--- Material provided Enclosed Below ---

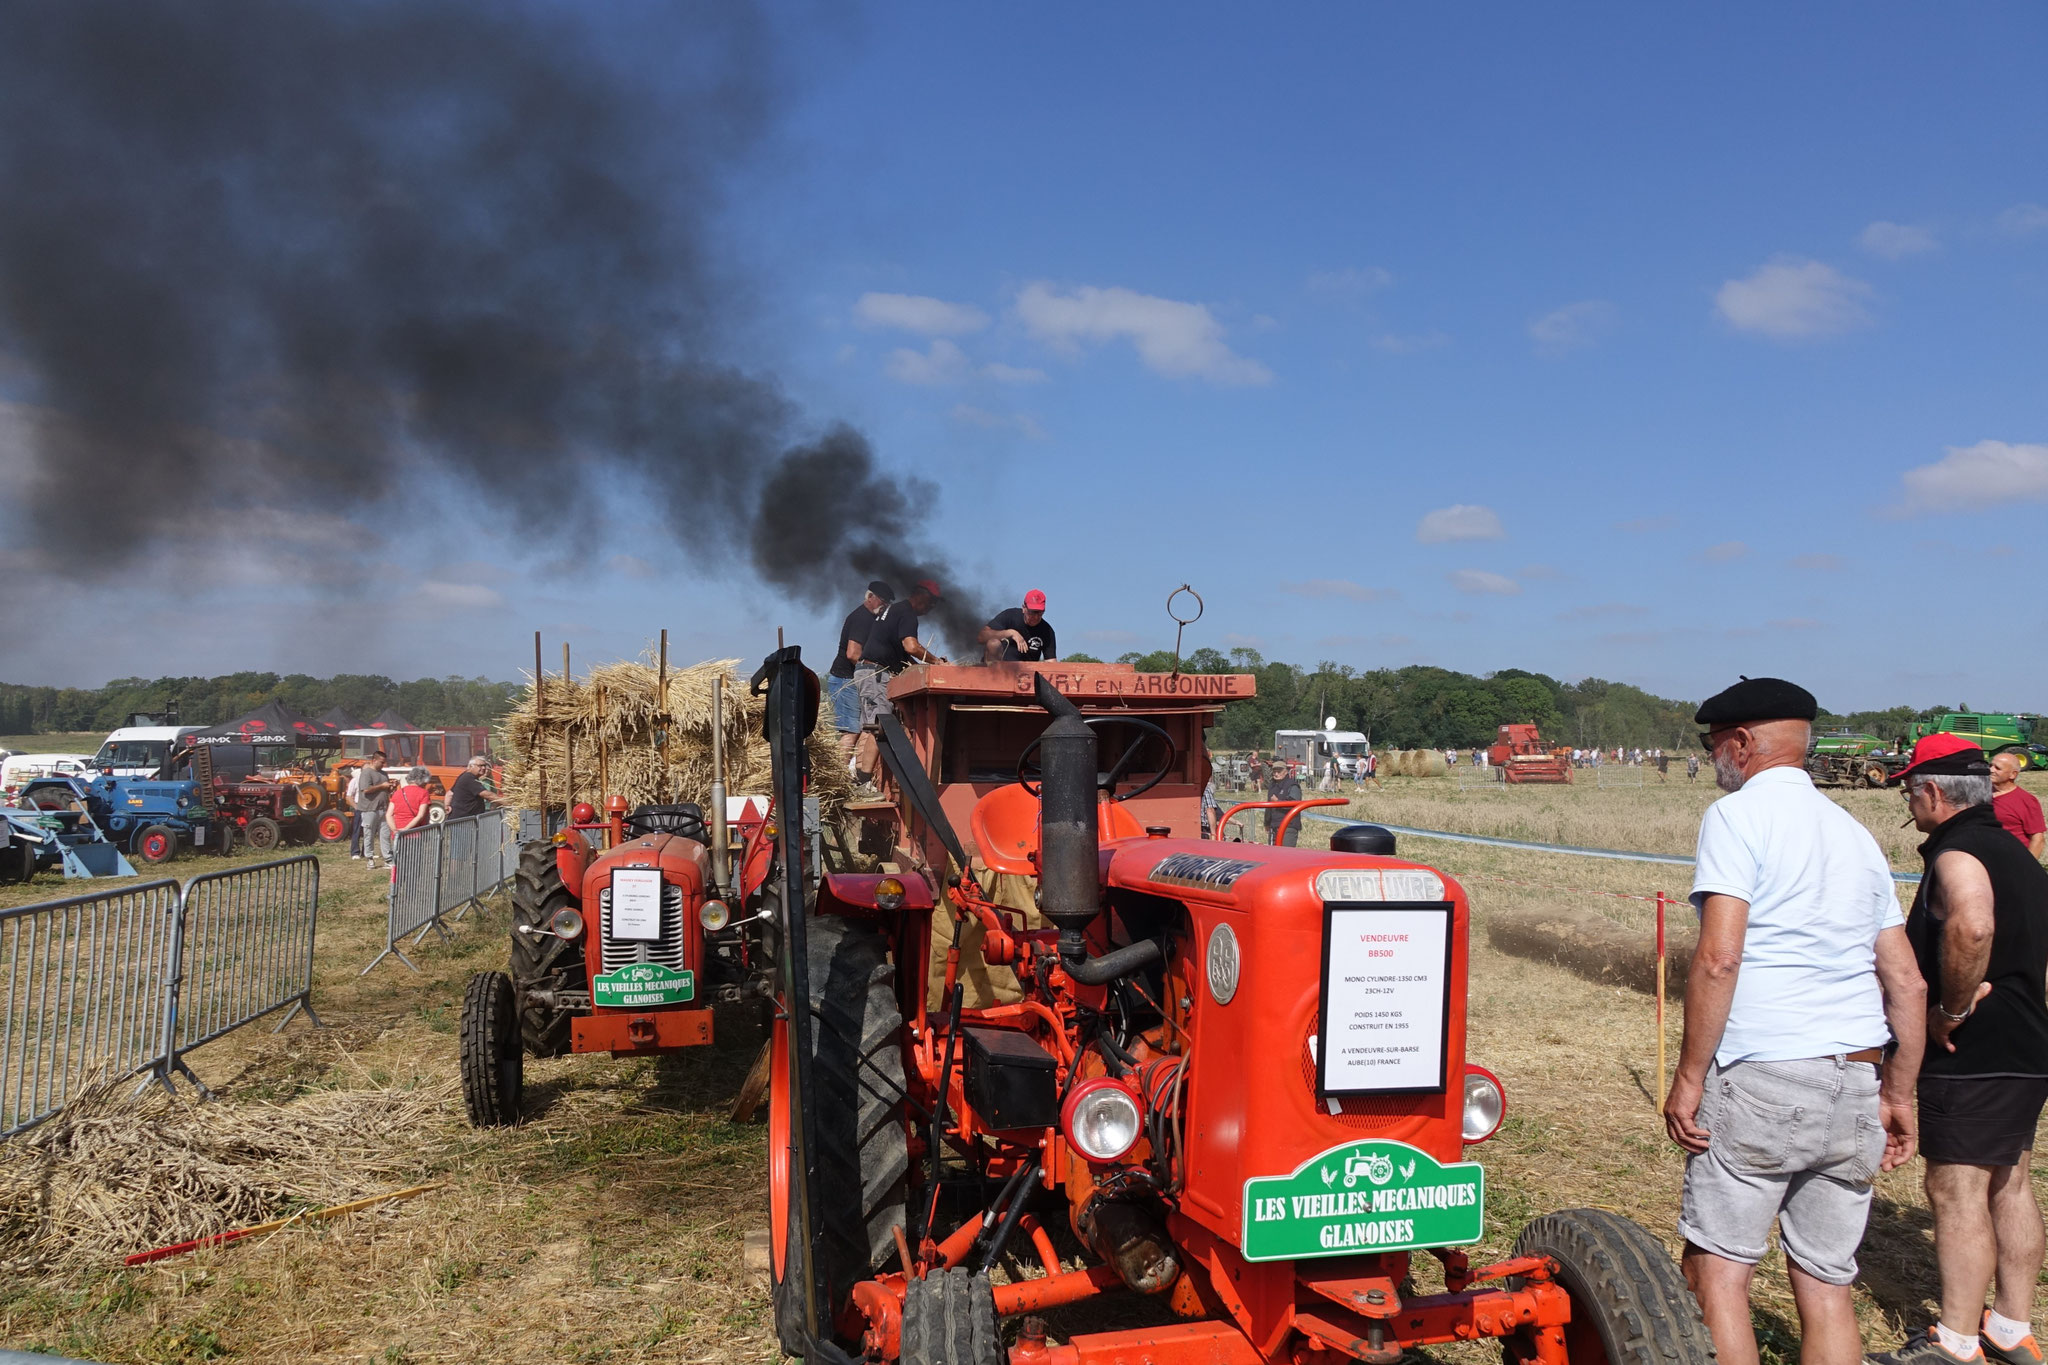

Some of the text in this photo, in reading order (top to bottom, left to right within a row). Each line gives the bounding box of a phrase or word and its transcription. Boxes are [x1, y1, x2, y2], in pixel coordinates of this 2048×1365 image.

[1017, 673, 1238, 694] GRY EN ARGONNE
[196, 736, 231, 744] 24MX
[1324, 875, 1437, 900] VENDEUVRE
[1360, 934, 1409, 942] VENDEUVRE
[1368, 949, 1394, 957] BB500
[1366, 975, 1413, 983] CYLINDRE-1350
[597, 978, 691, 992] LES VIEILLES MECANIQUES
[623, 993, 665, 1004] GLANOISES
[1347, 1046, 1420, 1054] VENDEUVRE-SUR-BARSE
[1254, 1182, 1476, 1222] LES VIEILLES MECANIQUES
[1319, 1218, 1414, 1248] GLANOISES
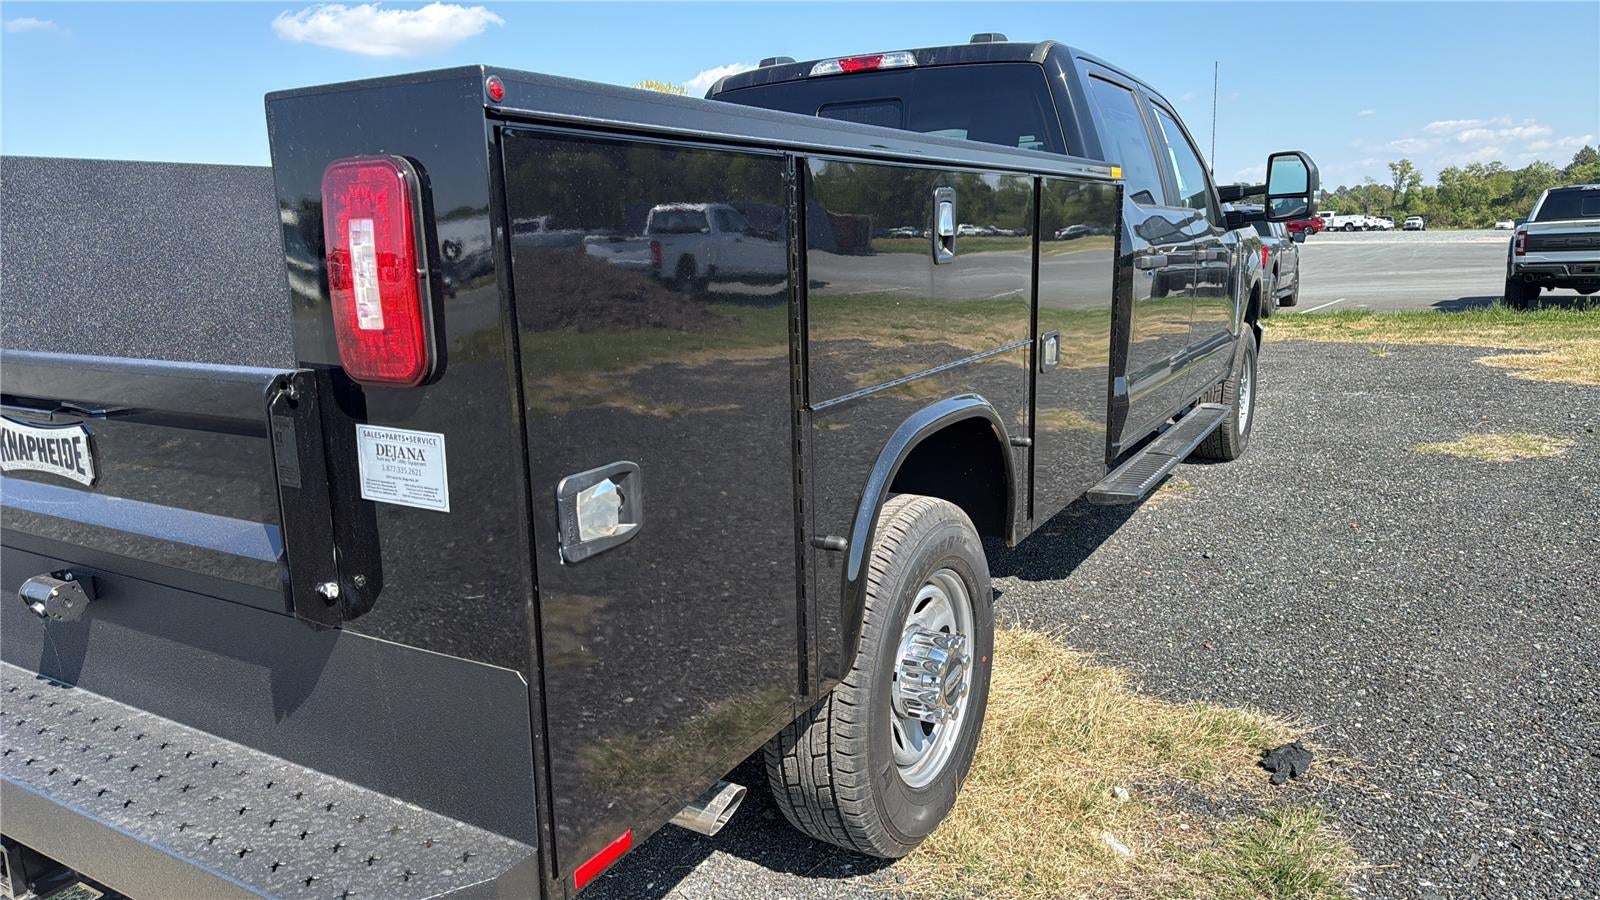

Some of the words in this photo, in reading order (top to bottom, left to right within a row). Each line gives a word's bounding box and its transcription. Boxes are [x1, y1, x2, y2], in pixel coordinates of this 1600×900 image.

--- End of Enclosed Material provided ---

What the answer must hold: all the data above, given again exactly, without pictures.

Some of the text in this photo, in reading order (top to bottom, left to right within a row). Each line gives the bounding box of a phrase or word and its transcription. Boxes are [x1, y1, x2, y2], in pixel coordinates of this 2048×1365 image.

[1017, 673, 1238, 694] GRY EN ARGONNE
[196, 736, 231, 744] 24MX
[1324, 875, 1437, 900] VENDEUVRE
[1360, 934, 1409, 942] VENDEUVRE
[1368, 949, 1394, 957] BB500
[1366, 975, 1413, 983] CYLINDRE-1350
[597, 978, 691, 992] LES VIEILLES MECANIQUES
[623, 993, 665, 1004] GLANOISES
[1347, 1046, 1420, 1054] VENDEUVRE-SUR-BARSE
[1254, 1182, 1476, 1222] LES VIEILLES MECANIQUES
[1319, 1218, 1414, 1248] GLANOISES

Some of the words in this photo, in reading order (top to bottom, left to right within a row). Each line gives a word's bounding box and its transcription. Boxes are [x1, y1, x2, y2], in pixel coordinates of this 1600×900 image.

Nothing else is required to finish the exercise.